Other studies have demonstrated similar results further supporting nerve reconstruction.9 Consistent with these findings, our patient achieved satisfactory results with evidence of functional nerve recovery within 6 months postoperatively with presence of plantar sensation, adequate bone healing on imaging, and ability to ambulate. The patient regained protective plantar sensation and with extensive physical therapy, returned to limited work duties within 20 months of surgery. Severe open tibial fractures are often associated with high infection and malunion rates resulting in subsequent procedures and prolonged recovery time.6 However, in addition to a satisfactory functional result, the current case did not result in infection or major complication.
Given the complexity of this case and limited resources of our hospital, amputation could have been implemented and most likely resulted in a shorter recovery process with an acceptable functional outcome. However, this undermines the preferences of the patient, who expressed strong desire to pursue limb salvage over amputation. Furthermore, he possessed the resources to pursue more complex surgical management, which likely contributed to his favorable outcome.
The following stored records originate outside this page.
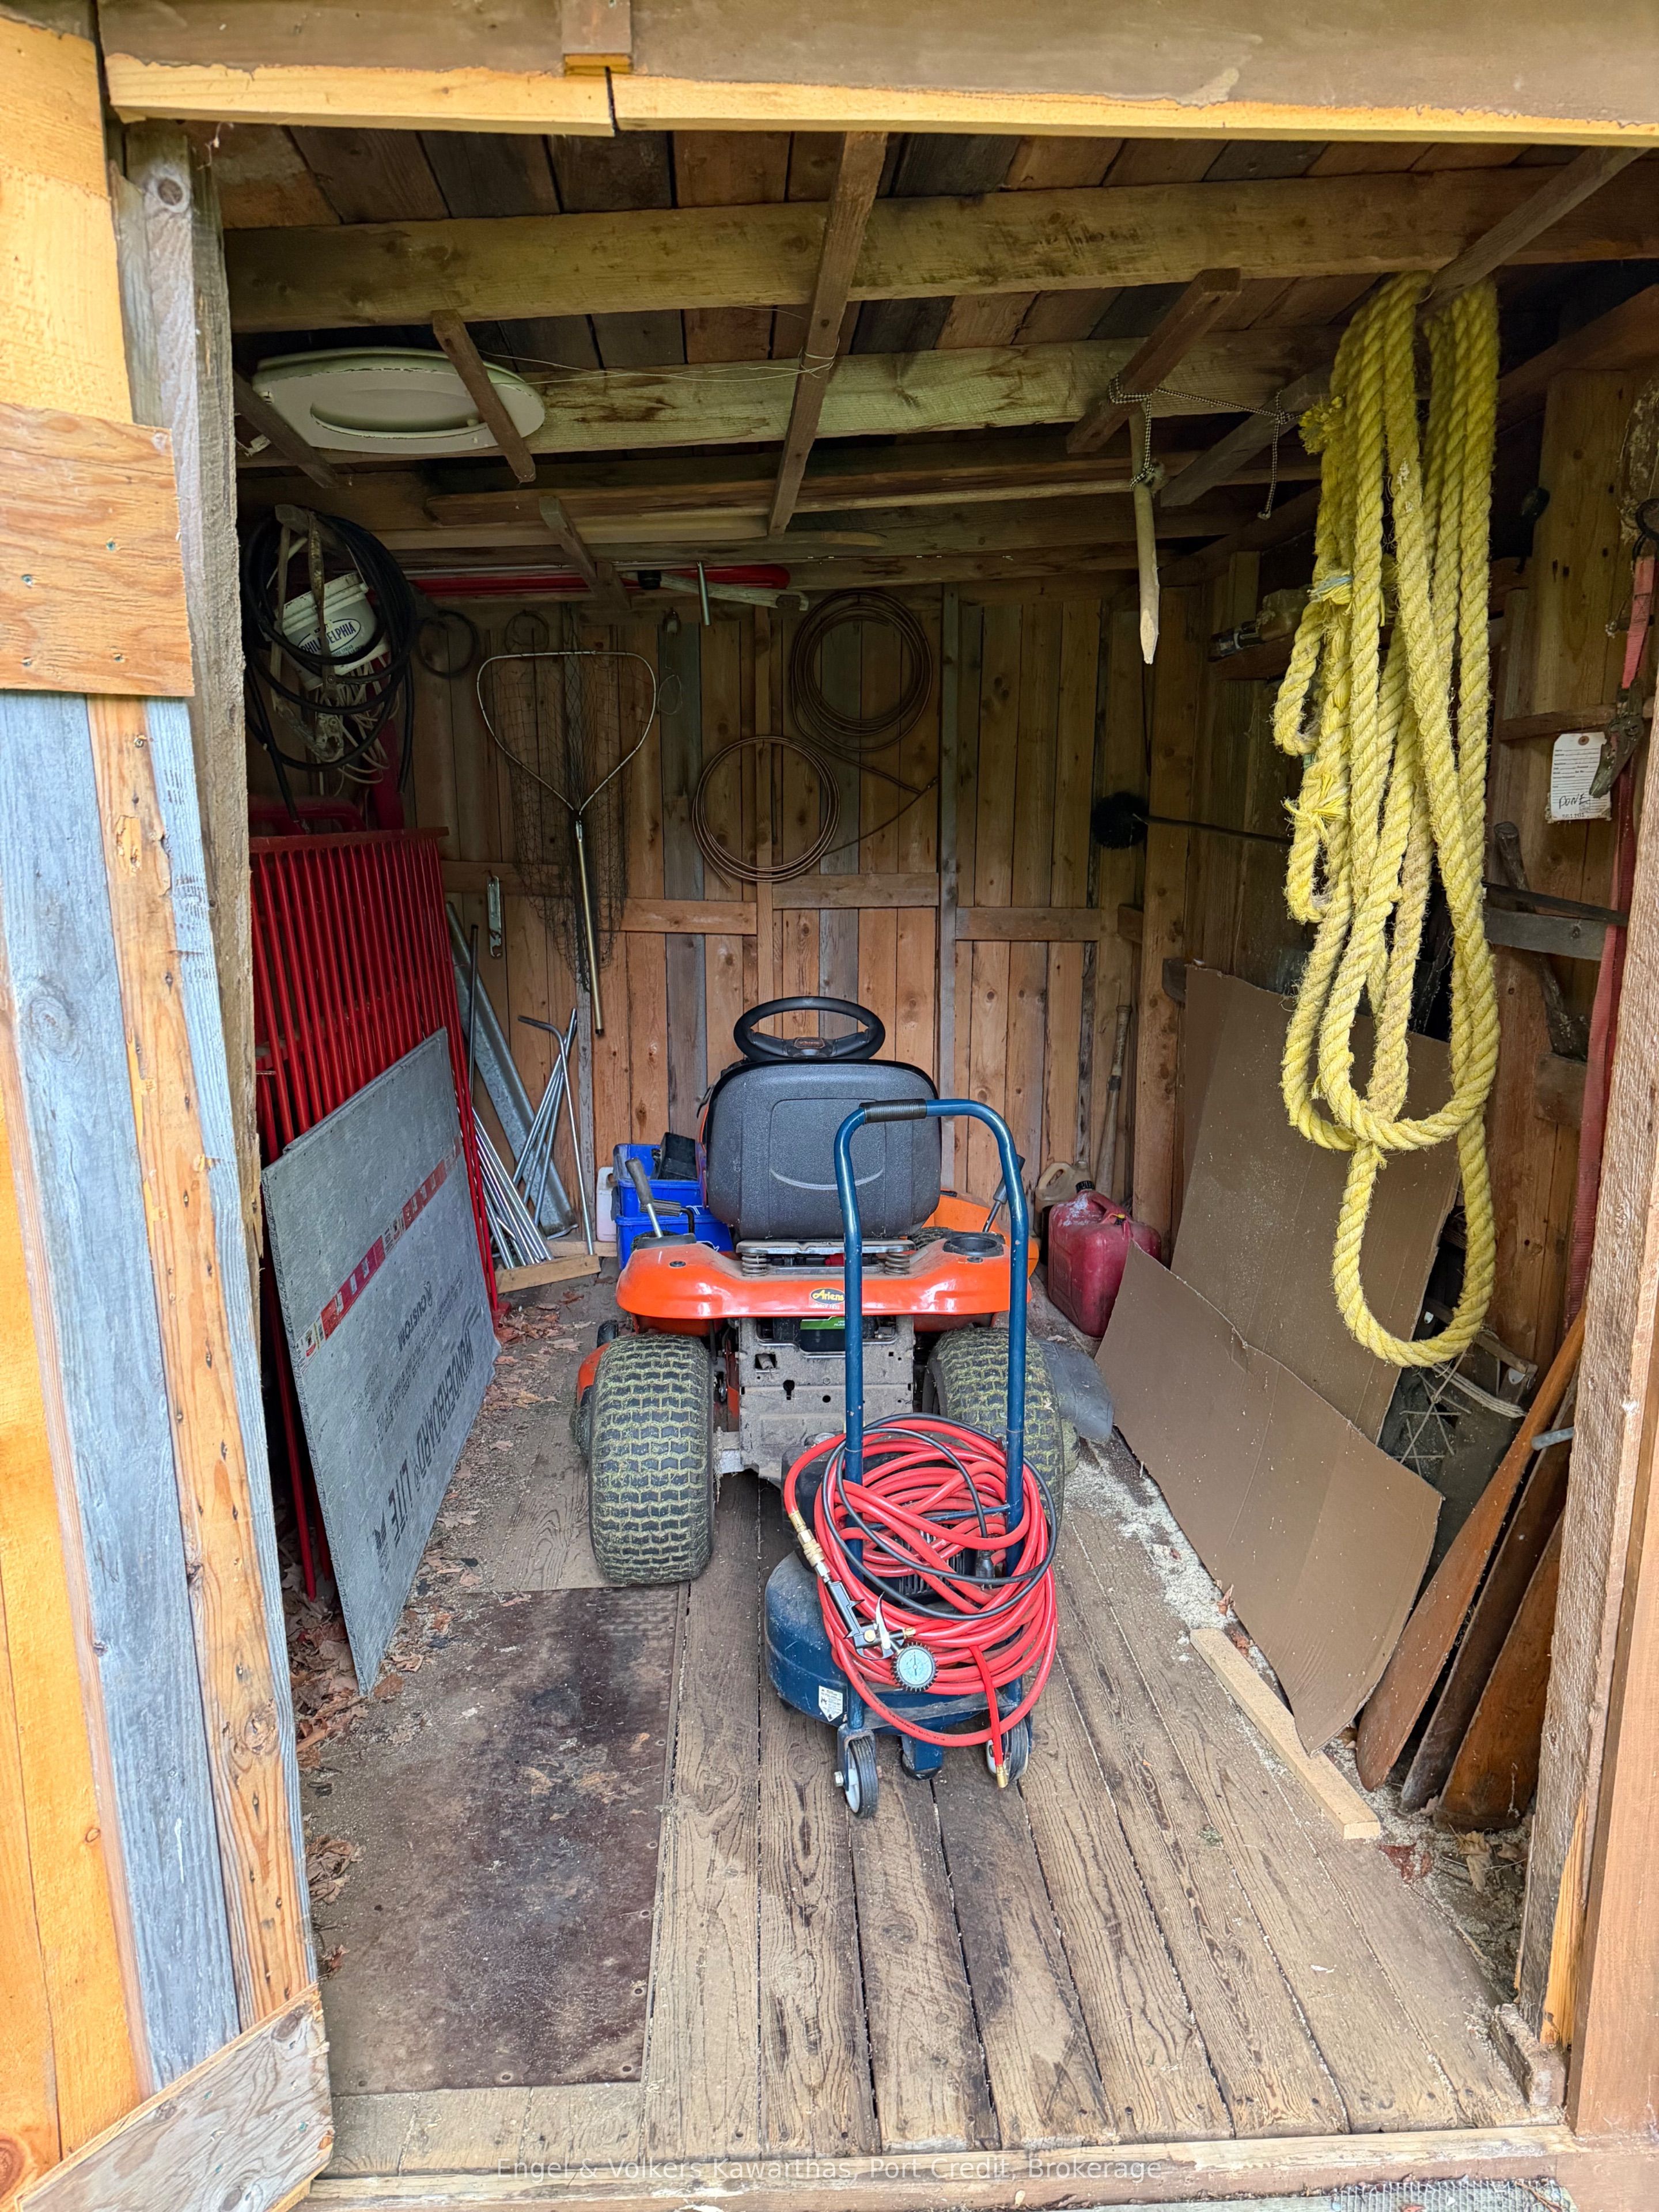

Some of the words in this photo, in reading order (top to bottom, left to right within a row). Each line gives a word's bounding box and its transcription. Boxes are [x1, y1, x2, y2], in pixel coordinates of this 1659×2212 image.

[300, 622, 356, 654] PHILELPHIA
[812, 1290, 844, 1301] Ariens
[397, 1294, 427, 1352] CUSTOM
[388, 1457, 413, 1548] LITE
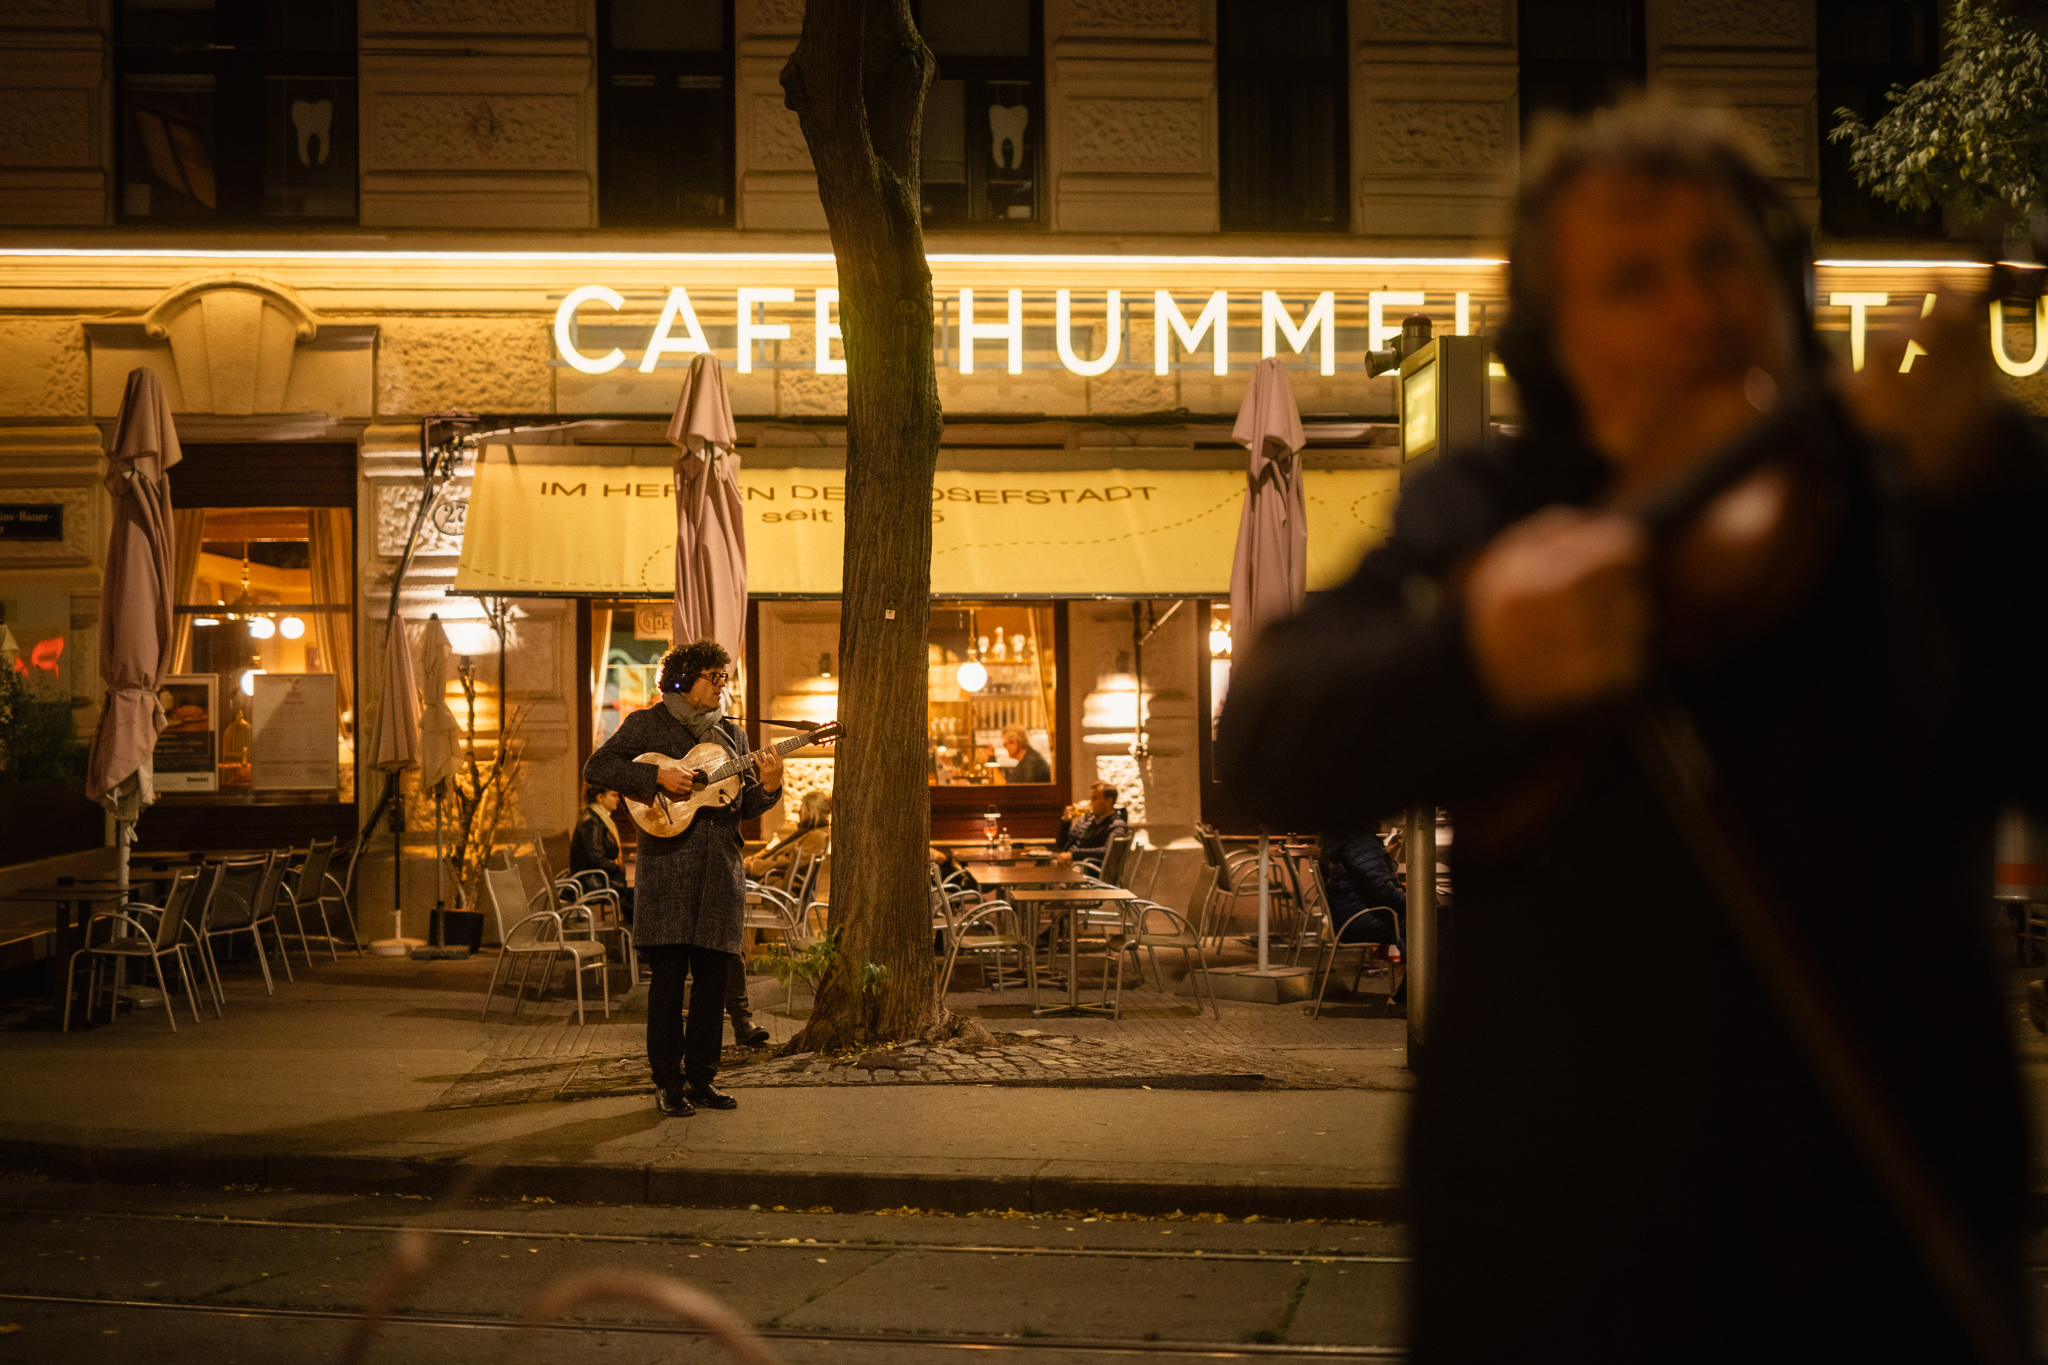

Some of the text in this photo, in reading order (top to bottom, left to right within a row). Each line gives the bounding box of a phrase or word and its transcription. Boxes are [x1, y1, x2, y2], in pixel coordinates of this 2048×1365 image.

Ultimately, the patient remains pleased with his treatment course and is extremely delighted about having a functional limb rather than a prosthetic.
The strengths of the current case presentation are the clinical term of follow up, and the thorough description of treatment which provided excellent functional recovery despite the severity of injury. Amputation is a reasonable option in these complex cases. This information is intended to add to the literature regarding these complex injuries.
In conclusion, this case report provides an example of successful limb salvage utilizing tibial nerve allograft in a complex high-energy lower extremity injury.